Joseph Rambaud ou « la fortune par l'intelligence » [note]Louis de Vaucelles

La fondation et l'histoire du Nouvelliste se confondent avec la personnalité de Joseph Rambaud (1849-1919), son directeur, qui poursuit l'ambition de fonder un journal catholique populaire dans le dessein de combattre l'oeuvre de déchristianisation entreprise à Lyon dès le début des années 1870. Issu d'une bourgeoisie catholique éclairée et philanthrope, Rambaud fait ses études au collège jésuite de Mongré à Villefranche-sur-Saône (Rhône). Chef d'entreprise, homme d'affaires avisé, grand propriétaire terrien, professeur d'économie politique et écrivain, Rambaud se découvre très tôt une vocation journalistique et se révèlera un administrateur d'une rare efficacité [note]Voir Louis de Vaucelles. L'homme se place délibérément sur le terrain religieux plus que politique, essayant de concilier les « forces de l'ordre » et ses partisans en se gardant de toute prise de position radicale. A une époque où le milieu catholique lyonnais reste partagé et affiche des opinions politiques divergentes, Rambaud ne fait pas mystère de sa préférence pour une république autoritaire, conservatrice et cléricale qui garantira l'ordre social et religieux. Le 14 mai 1879, Rambaud et ses associés créent la Société anonyme du Nouvelliste de Lyon et fixent son siège social au 37 place Bellecour.

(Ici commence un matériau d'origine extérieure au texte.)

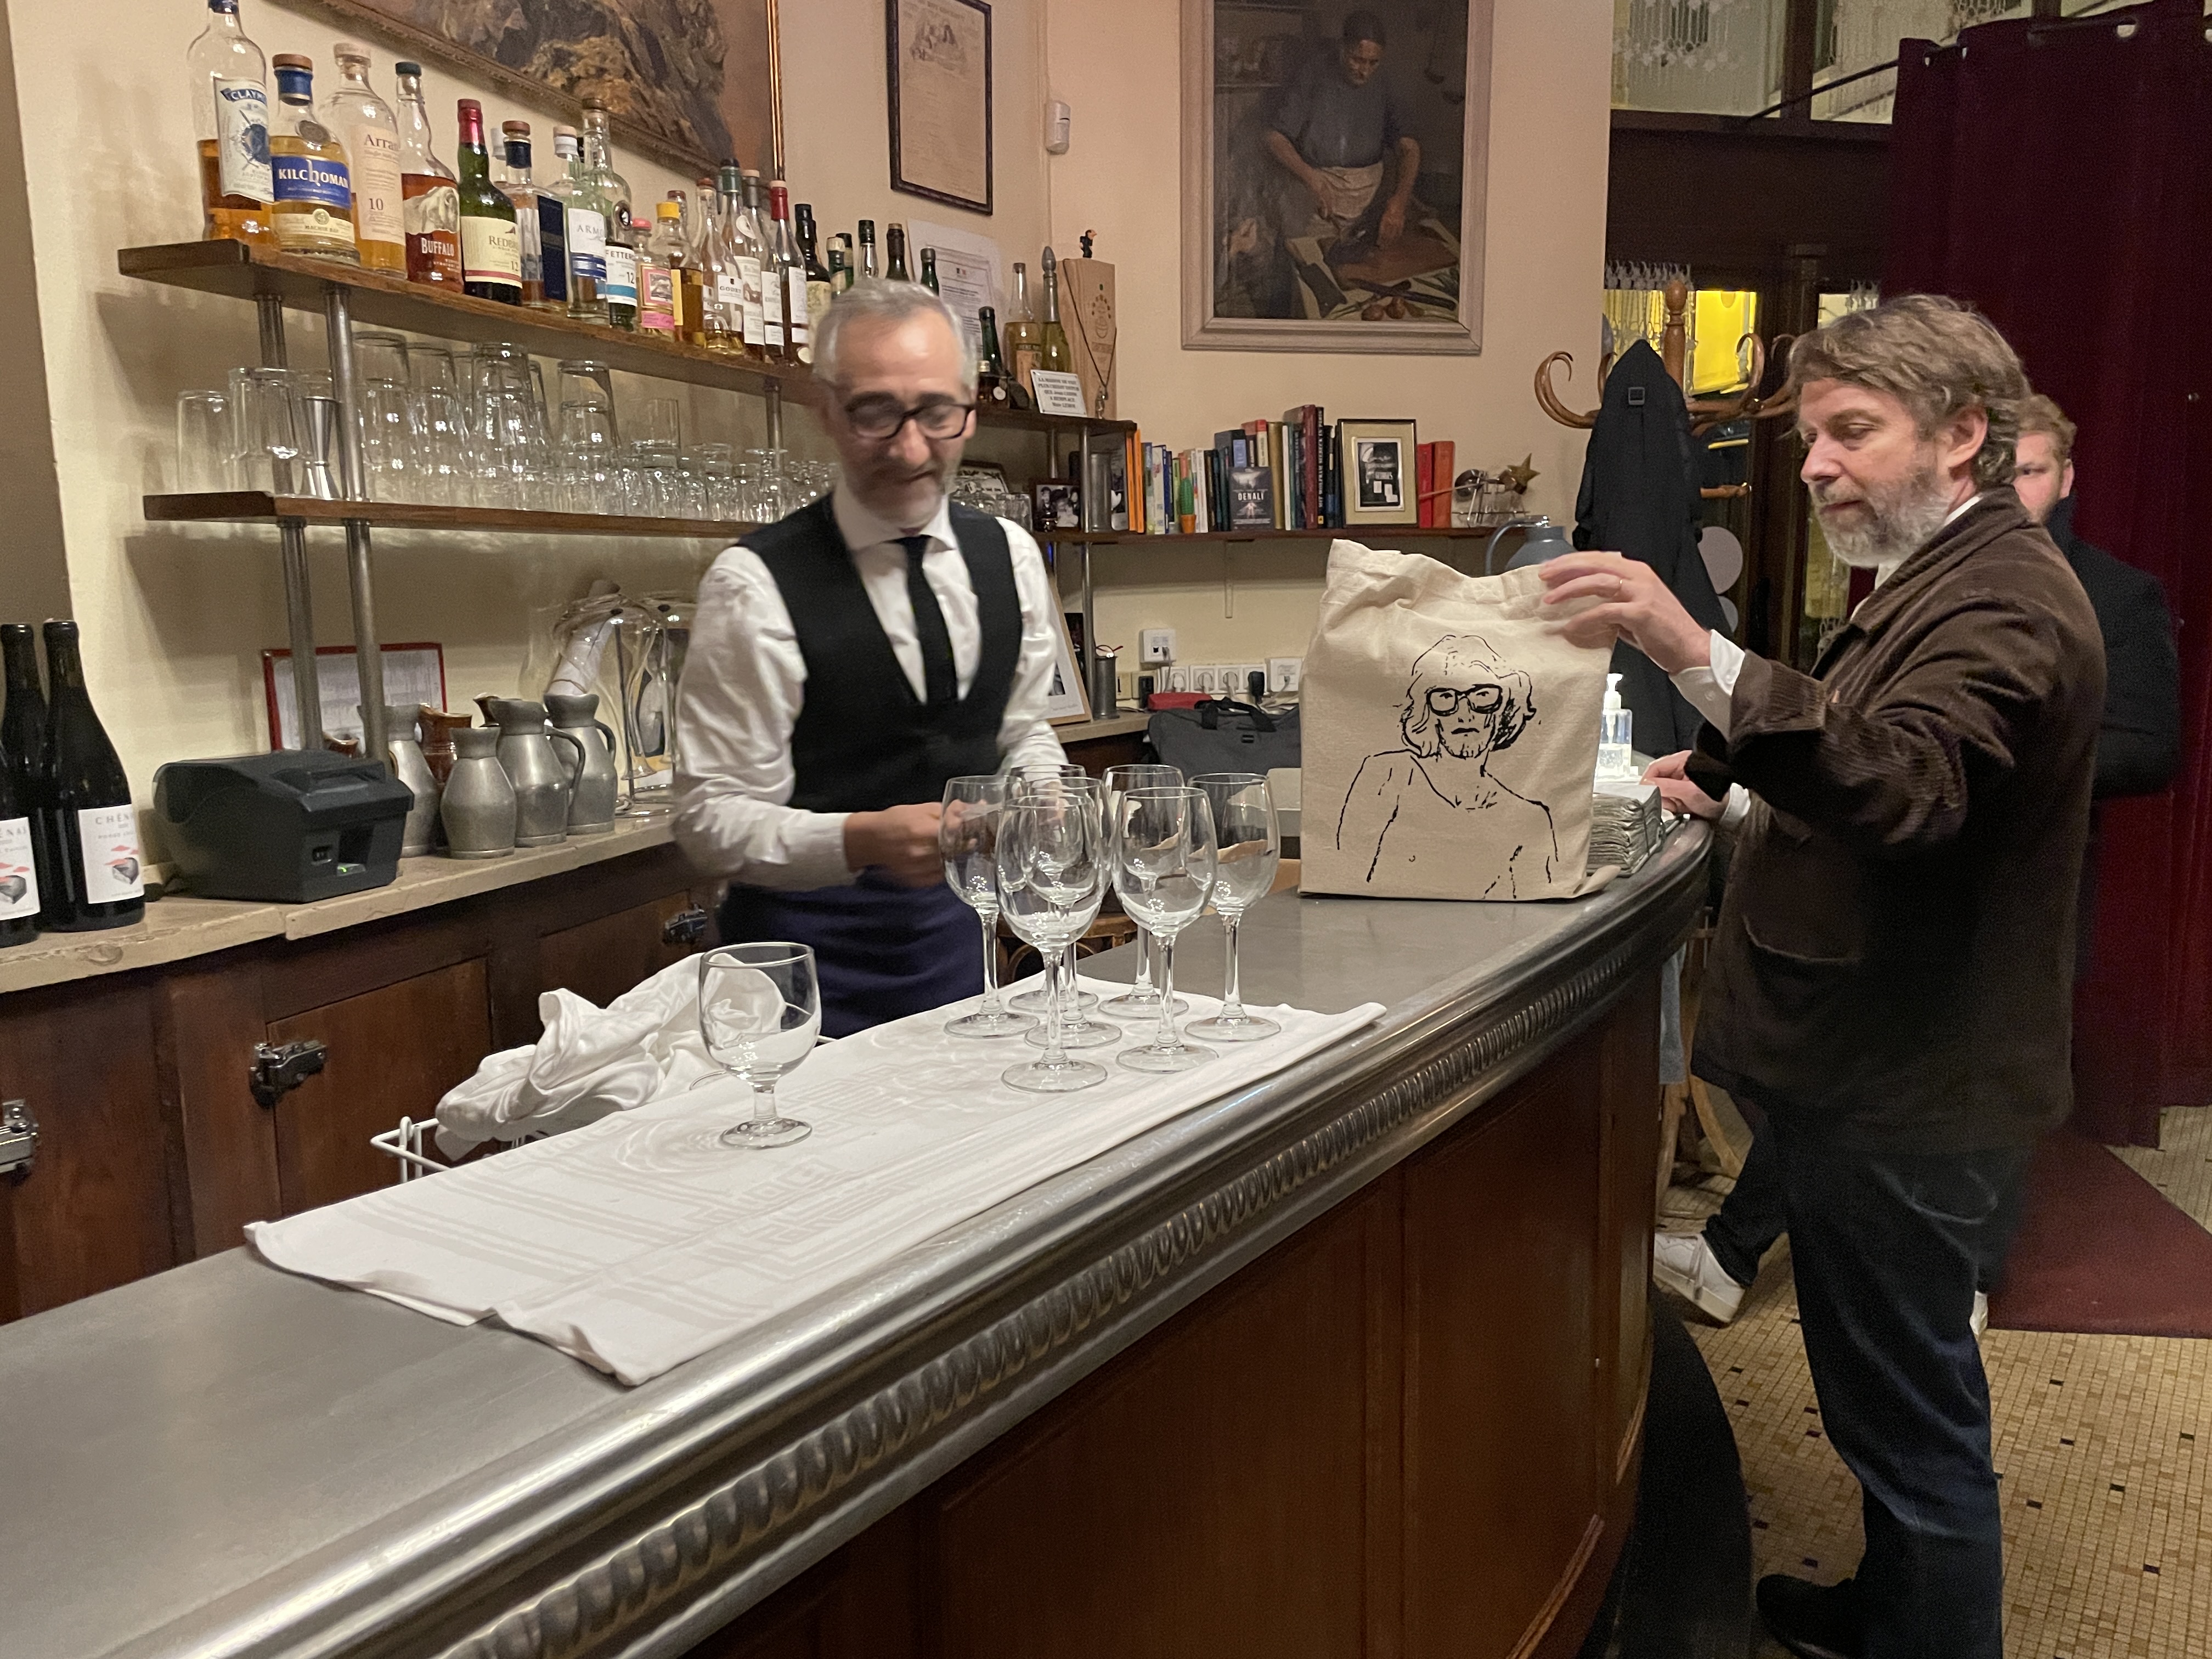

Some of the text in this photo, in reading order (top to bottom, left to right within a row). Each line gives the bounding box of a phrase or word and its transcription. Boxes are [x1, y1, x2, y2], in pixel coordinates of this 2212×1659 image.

Aux côtés de l'association catholique des patrons de Lyon, l'un des plus importants souscripteurs du journal n'est autre que Joannès Blanchon, secrétaire de la commission de Fourvière, qui compte pour l'une des figures les plus influentes du milieu catholique lyonnais. Celui-ci avait déjà lancé en 1864 un organe de presse au service de la basilique, L'Écho de Fourvière [note]Voir Fleur Lachet, L'Echo de Fourvière, un journal au service de la basilique, Brindas, 1996.. Le rôle de la très influente congrégation des Messieurs n'est certainement pas à négliger, d'autant que Rambaud en devient membre en 1869. Pourtant, Louis de Vaucelles observe à juste titre que de nombreuses personnalités du monde catholique lyonnais ne figurent pas parmi les fondateurs du journal, qu'il s'agisse de Lucien Brun, de Brac de La Perrière, doyen de la faculté catholique de Droit, ou encore d'Edouard Aynard. Rappelons brièvement que deux journaux conservateurs existaient à Lyon au moment de la fondation du Nouvelliste, Le Salut public et La Décentralisation, mais ces derniers titres n'ont jamais atteint une large diffusion, contrairement au Progrès de Lyon, fondé en 1859, dont l'audience ne cesse de croître dans les années 1890 et qui combat l'influence de l'Eglise aux côtés de Lyon républicain, lui-même fondé en 1873.

Très incertaine à ses débuts, l'entreprise du Nouvelliste connaît un succès fulgurant qui dépasse toutes les espérances, au point de devenir le premier organe de défense religieuse en France aux côtés de La Croix. Ce succès éditorial se double également d'une extraordinaire réussite financière, en raison d'une gestion administrative avisée, d'une équipe rédactionnelle de qualité et de moyens techniques modernes. Une telle prospérité économique devait bientôt permettre la réalisation de vastes projets immobiliers. En octobre 1886, par souci d'indépendance, la Société anonyme du Nouvelliste de Lyon se porte acquéreur de l'imprimerie de François-Xavier Jevain, alors située rue Sala, qui publiait le journal, et dès lors, la réunion de l'imprimerie et des bureaux du quotidien deviendra un enjeu majeur dans les années à venir. En 1889, l'imprimerie du journal est transférée dans deux immeubles achetés par la société au 16 et 18 rue François-Dauphin, au sud de la place Bellecour. Montant de la transaction : 300 000 F. Cette première installation devait annoncer des travaux plus importants dans un quartier dont la rénovation est alors envisagée par les édiles et les services techniques de la Ville.

Un quartier en mutation

Service municipal de la voirie Lyon, élargissement de la rue de la Charité, plan d'ensemble dressé par Charles Loizeau, voyer principal de la Ville (détail), 6 février 1889 (AM Lyon, 922 Wp 24).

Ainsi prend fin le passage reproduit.